Well I understand that it's translucent and then it only appears as a glimmer and then it's easy to overlook, I still don't understand why nobody has ever taken a picture of it ever.
I also don't understand why it is so elusive. It would seem to me that if cigar x had plume on it because of condition y and age z, why couldn't we replicate that and get the plume over and over and over again.
I also don't understand why 50 guys on this forum each have a thousand cigars between 5 and 20 years old, and still no plume. Maybe one cigar once in awhile has it. What are the conditions needed to conjure this substance?
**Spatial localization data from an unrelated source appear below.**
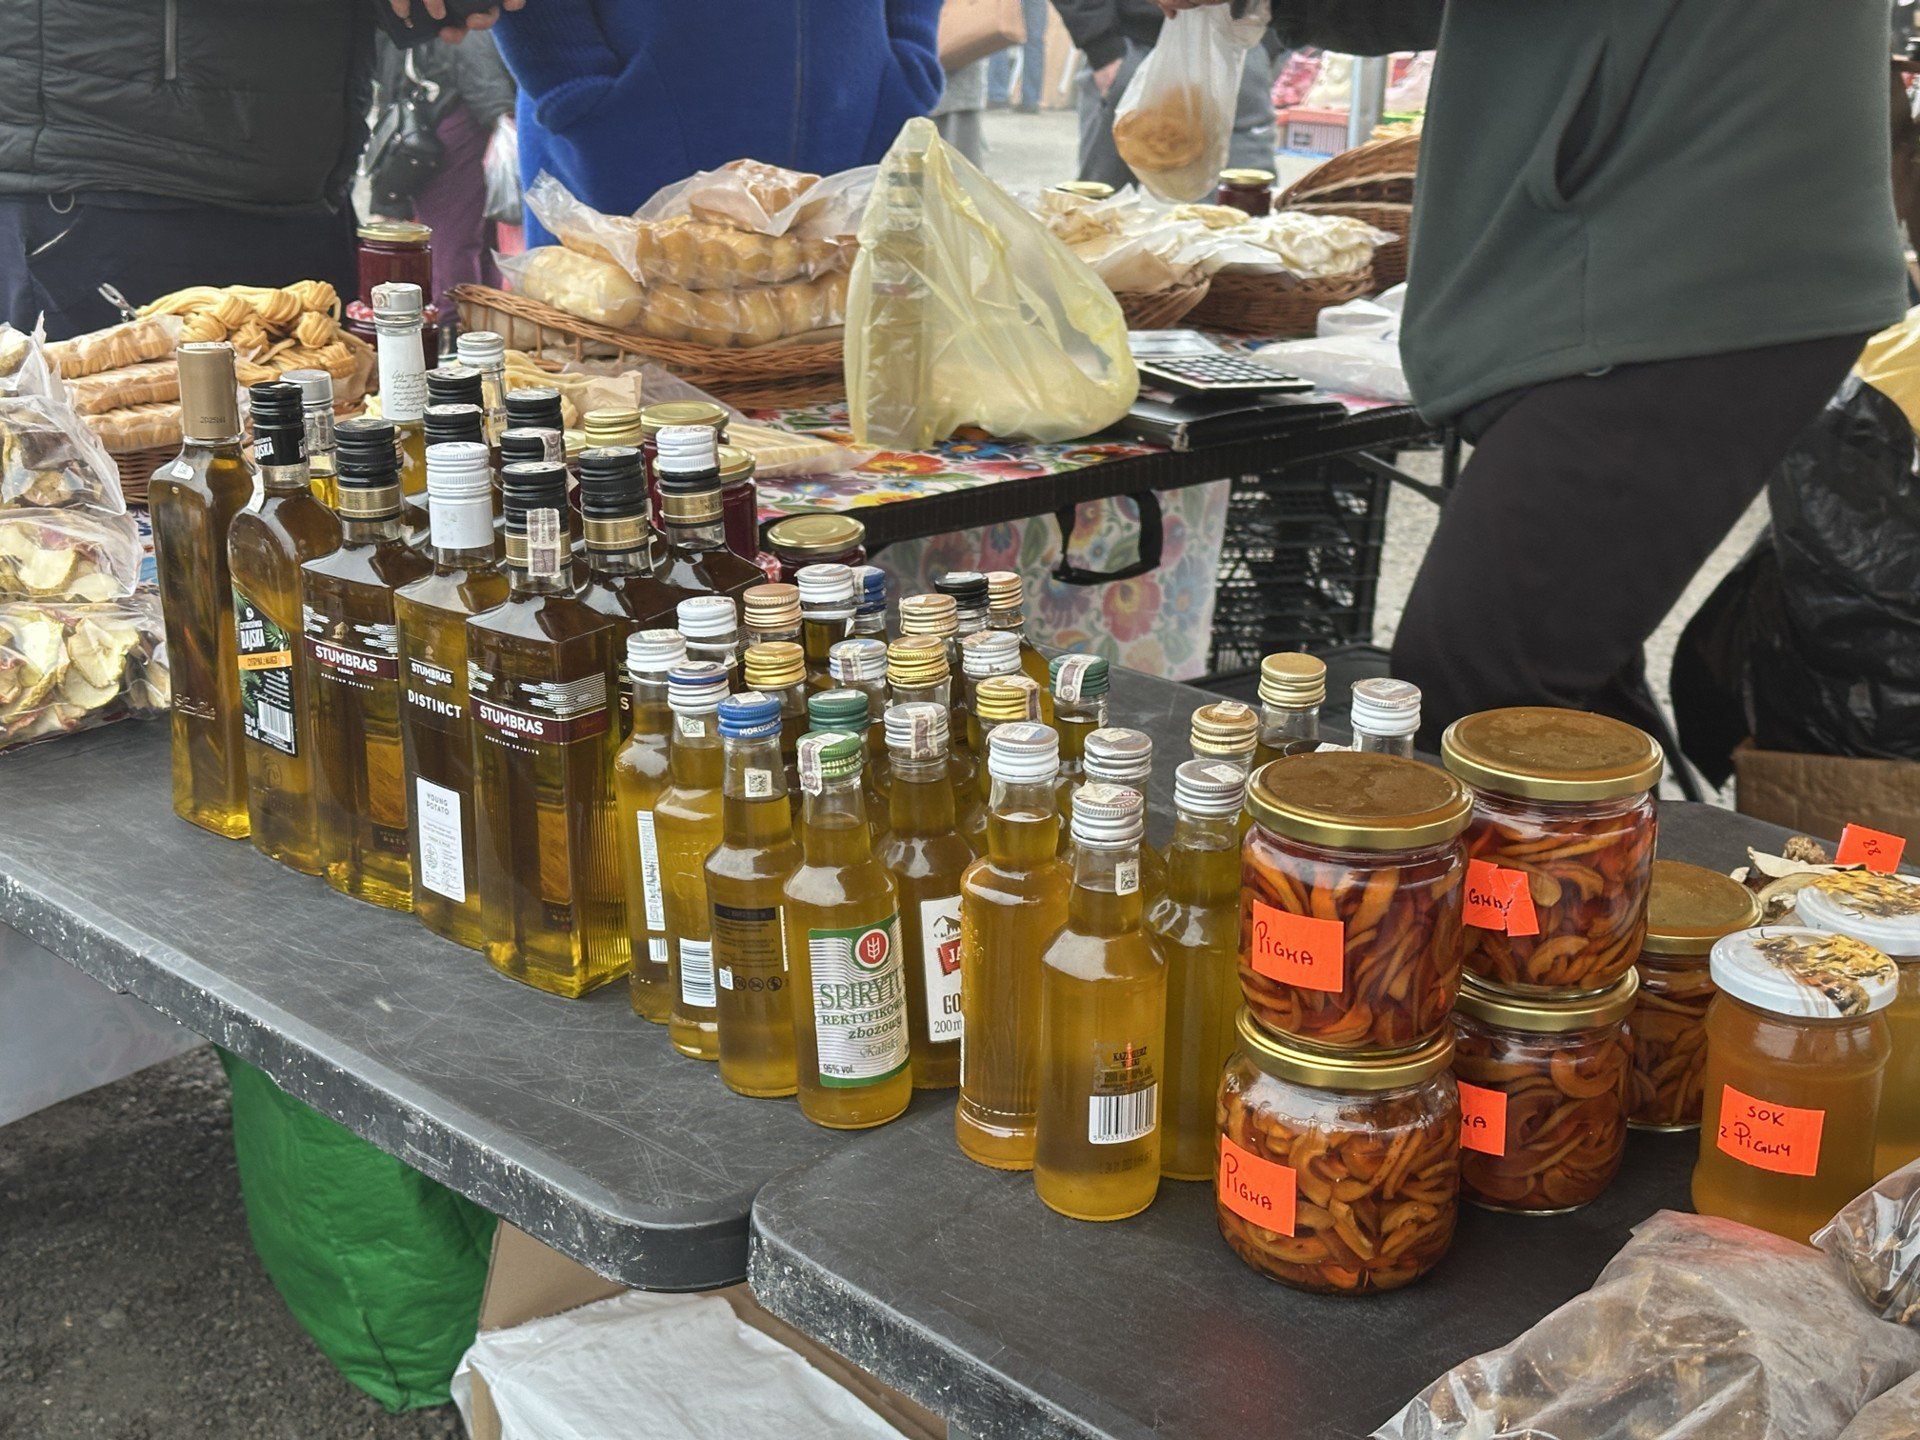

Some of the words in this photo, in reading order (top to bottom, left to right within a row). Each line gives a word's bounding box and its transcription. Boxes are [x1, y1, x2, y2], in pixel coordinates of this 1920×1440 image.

[315, 645, 378, 672] STUMBRAS
[411, 662, 452, 684] STUMBRAS
[408, 689, 462, 718] DISTINCT
[479, 704, 544, 735] STUMBRAS
[426, 792, 448, 807] YOUNG
[426, 800, 450, 816] POTATO
[819, 967, 905, 1011] SPIRYTU
[934, 1020, 953, 1034] 200
[1747, 1106, 1784, 1127] SOK
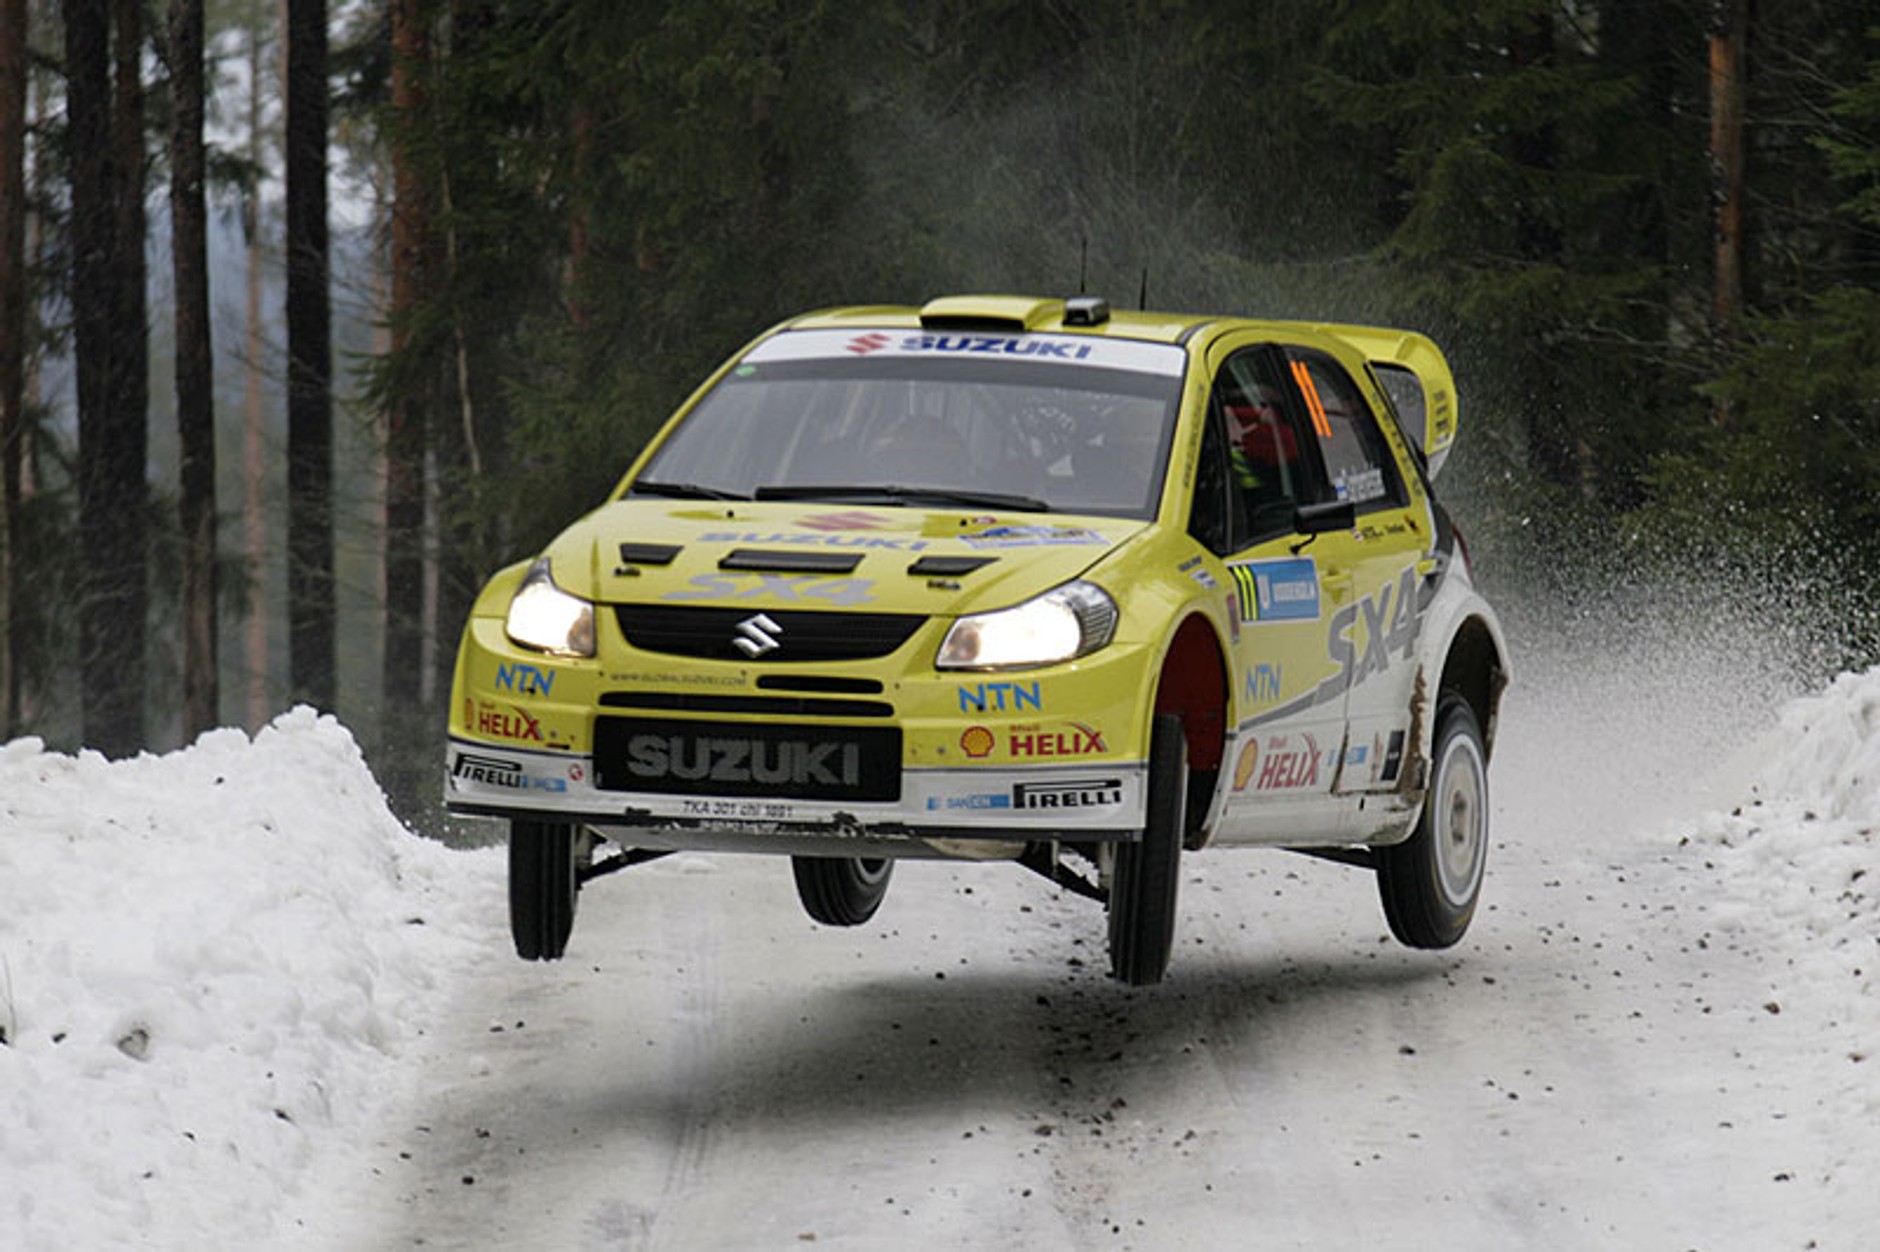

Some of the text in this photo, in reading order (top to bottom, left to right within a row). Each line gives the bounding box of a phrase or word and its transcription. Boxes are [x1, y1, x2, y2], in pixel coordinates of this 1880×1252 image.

What scientific proof do we have that tobacco oils come to the surface of a cigar through the rolled leaves (instead of out the foot) and beade up on the outside?
This is where I am asking for help.
And finally, there have been 93,000 posts between the what are you smoking this morning, this afternoon, tonight and the I smoked a good cigar from threads. My search pulled up zero cigars where the smoker mentioned that they were smoking something with plume. Oh-for-93,000! How rare is this stuff!
I think 93000 is a small sample size. 100k then we can talk.
That’s freaking gross
Once upon a time I had a good picture. But unfortunately every picture I’ve seen on google of plume was mold.
Just remember mold is fuzzy.
Plume is basically dried sap. It turns hard and shiny.
It’s so rare that if you question it you’ve got mold which can really suck.
@VegasFrank
There used to be dozens of pictures, several on this forum, of good examples. Yet, the change in forums, loss of photobucket and with Google becoming a useless pile of dung for a search engine, most examples are long since gone.
Used to be, when you entered a search term, it searched the actual term, not what it thinks you want. If you search Plume, you get 50 pages of mold, cause that is what is what it relates to it.
That being said, the occurrence of the oil crystals is rare. Conditions have to be just right and the cigar not handled a thousand times. Add to that, I have yet to see it occur on a cigar with cello on it.
Then there is the conspiracy theory that plume does not exist. There are Fakebook groups out there that will crucify anyone who brings up plume.
Scientifically, it's known that plant leaves of just about any kind will release oils that can crystallize.
One specific iconic leaf comes to mind in which hippies get giddy when they see it.
Money can't buy happiness, but it can buy cigars and that's close enough.